Dobbiamo ripensare chi siamo e ripensare chi è l’uomo significa ripensare anche le nostre relazioni, i nostri rapporti sociali, ripensare anche la nostra società che ha tante cose da correggere. Ci siamo troppo affidati all’uomo della tecnoscienza, ci basta schiacciare un interruttore o un pulsante, ci basta avere un cellulare, uno smartphone, e ci sembra di aver superato tutti i nostri problemi… Certamente queste tecniche e la scienza ci sono di grande aiuto ma oggi noi ci riscopriamo fragili come i nostri vecchi, i nostri antenati, che andavano alla Salute quatto secoli fa o venivano qui al Redentore quasi cinque secoli fa, in situazioni nelle quali provavano la loro fragilità umana.

E la Quaresima, allora, che cos’è? Questa Quaresima – che ho definito anomala e che rimarrà tale – è scoprirci figli del Padre che sta nei cieli perché, se noi vogliamo cambiare le relazioni tra noi ed essere capaci di iniziare a vivere relazioni fraterne, dobbiamo iniziare dal Padre. Ecco perché è importante Dio al centro della vita di un uomo, di una famiglia, di una società, non in una visione confessionalistica ma in una visione laica; ecco perché è importante il posto pubblico di Dio. Chi ha Dio nel cuore è anche una persona che sa garantire i fratelli. Quaresima, dunque, è fare questa conversione fondamentale.

Nel Vangelo secondo Matteo, che abbiamo appena ascoltato, Pietro dice a Gesù: «Signore, è bello per noi essere qui!» (Mt 17,4). Erano sul monte e avevano provato la bellezza del rapporto con il Padre, il Figlio e lo Spirito Santo. E allora Pietro dice: rimaniamo qui… Soffermiamoci sul messaggio che viene dal Vangelo di oggi: Gesù, invece, li fa scendere, li fa scendere nel travaglio e nelle sfide della vita quotidiana.

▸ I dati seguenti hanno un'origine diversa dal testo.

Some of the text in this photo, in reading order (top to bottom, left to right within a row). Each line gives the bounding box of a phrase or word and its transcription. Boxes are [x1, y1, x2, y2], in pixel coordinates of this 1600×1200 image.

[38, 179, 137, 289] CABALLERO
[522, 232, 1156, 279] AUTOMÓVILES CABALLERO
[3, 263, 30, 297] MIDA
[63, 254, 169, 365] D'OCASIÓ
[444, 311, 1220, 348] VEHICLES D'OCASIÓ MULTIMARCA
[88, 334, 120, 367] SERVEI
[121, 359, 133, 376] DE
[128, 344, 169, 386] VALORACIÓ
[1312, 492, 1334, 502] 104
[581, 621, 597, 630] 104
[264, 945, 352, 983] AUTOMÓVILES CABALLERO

Come cristiani dobbiamo vivere questi giorni con serietà, con carità e con solidarietà, facendoci carico gli uni degli altri, anche lavandoci le mani spesso e attraverso tanti altri piccoli accorgimenti che dicono, però, una fraternità e una vicinanza; dicono di una città e di una società che si ripensano a partire dagli altri, meditando sulla fragilità delle singole persone.

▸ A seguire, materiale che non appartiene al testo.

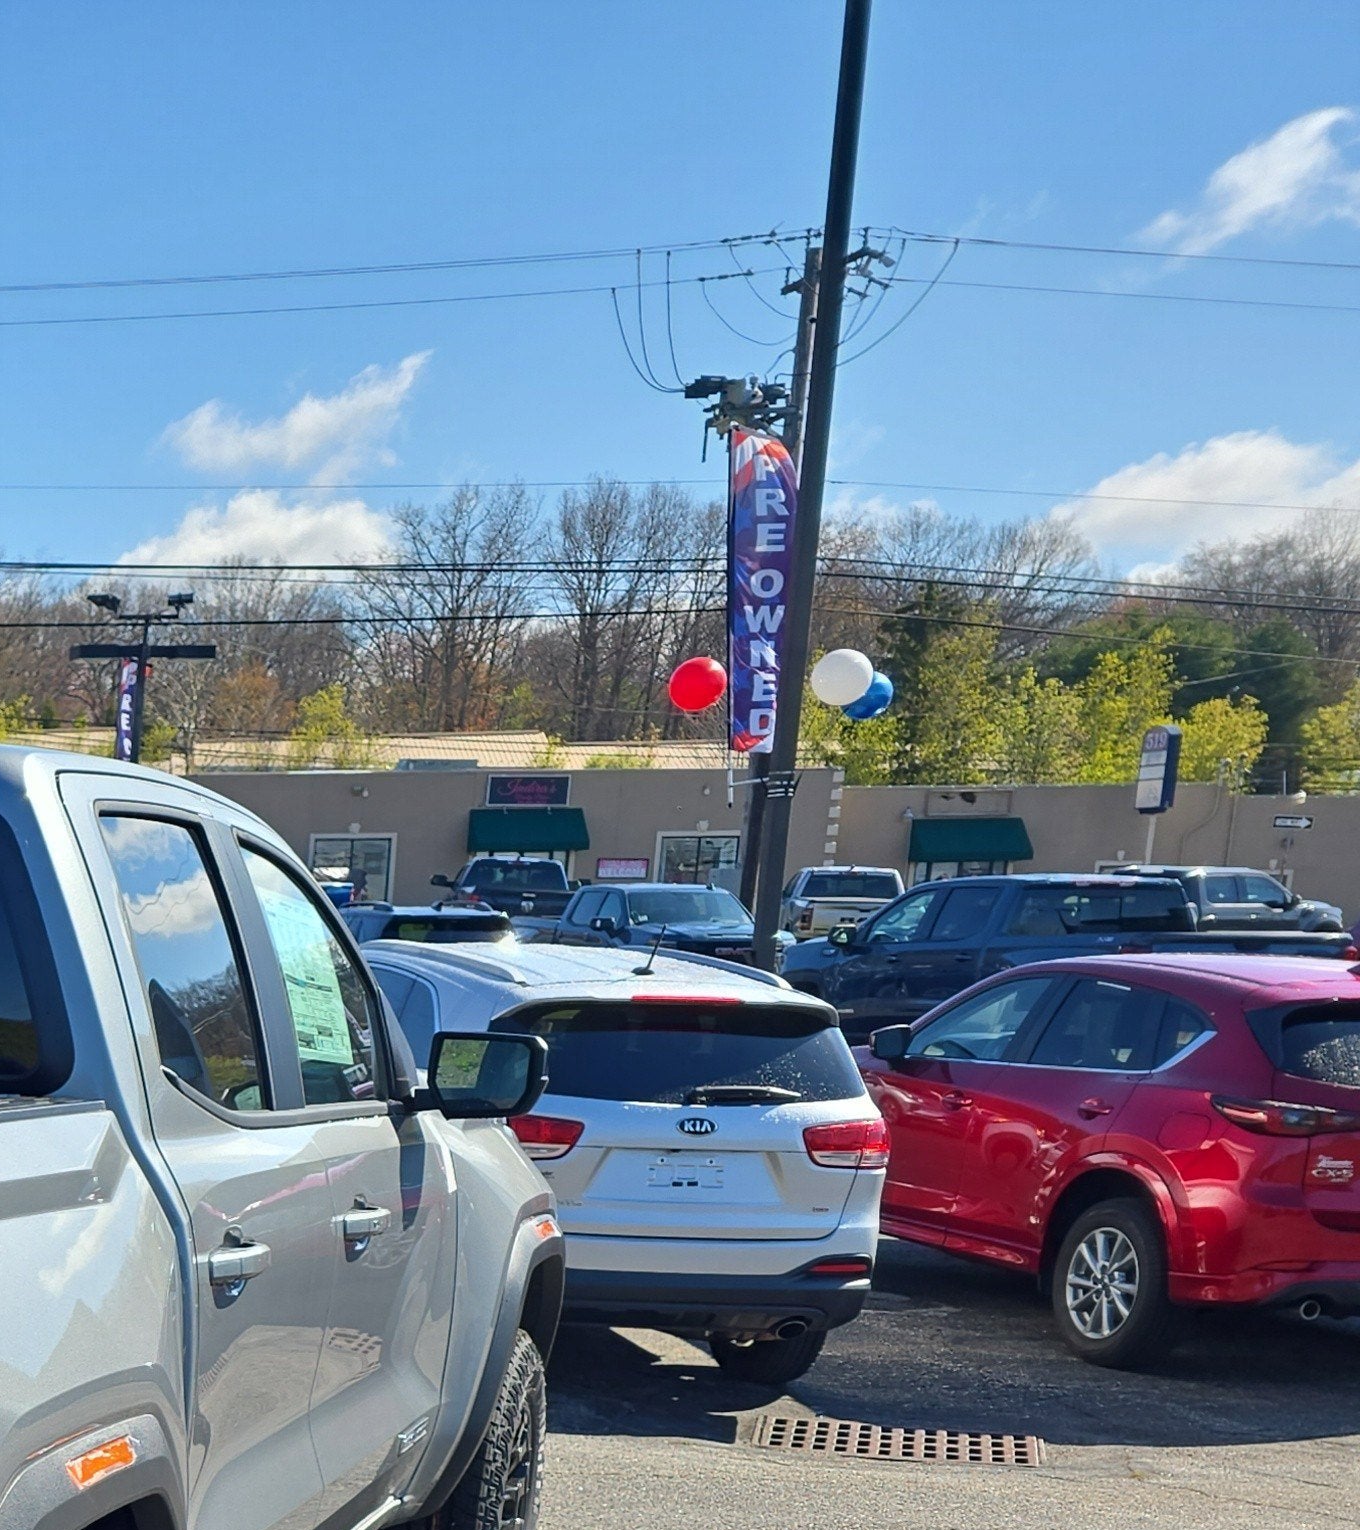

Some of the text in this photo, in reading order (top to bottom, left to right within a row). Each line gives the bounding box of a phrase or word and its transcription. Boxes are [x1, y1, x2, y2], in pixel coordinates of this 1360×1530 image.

[743, 454, 790, 738] PRE OWNED
[683, 1119, 712, 1133] KIA
[1311, 1168, 1354, 1179] CX-5

L’invito di Gesù è anche per noi a scendere con coraggio, con semplicità e con fiducia, convinti che Lui non ci lascerà soli. Gesù ci chiede di scendere nella nostra realtà di questi giorni che forse legittimamente non vorremmo dover viver, ma nel momento in cui ci è posta dinnanzi la vogliamo vivere con fede, con senso di responsabilità ed anche con la speranza cristiana.

La basilica della Madonna della Salute e la basilica del Redentore ci dicono e ricordano che, nei momenti di sofferenza, la nostra gente ha saputo alzare lo sguardo. Queste due basiliche – e la basilica del Redentore, oggi in particolare – ci dicono che i nostri vecchi hanno avuto il coraggio e la forza di vivere. Il messaggio, dunque, è quello di una speranza cristiana che non si illude, che non cerca scorciatoie e che non si lascia abbattere da niente e da nessuno.

Coraggio! Il Santissimo Redentore aiuterà ancora la nostra città, le nostre terre venete, la nostra Italia e il mondo intero!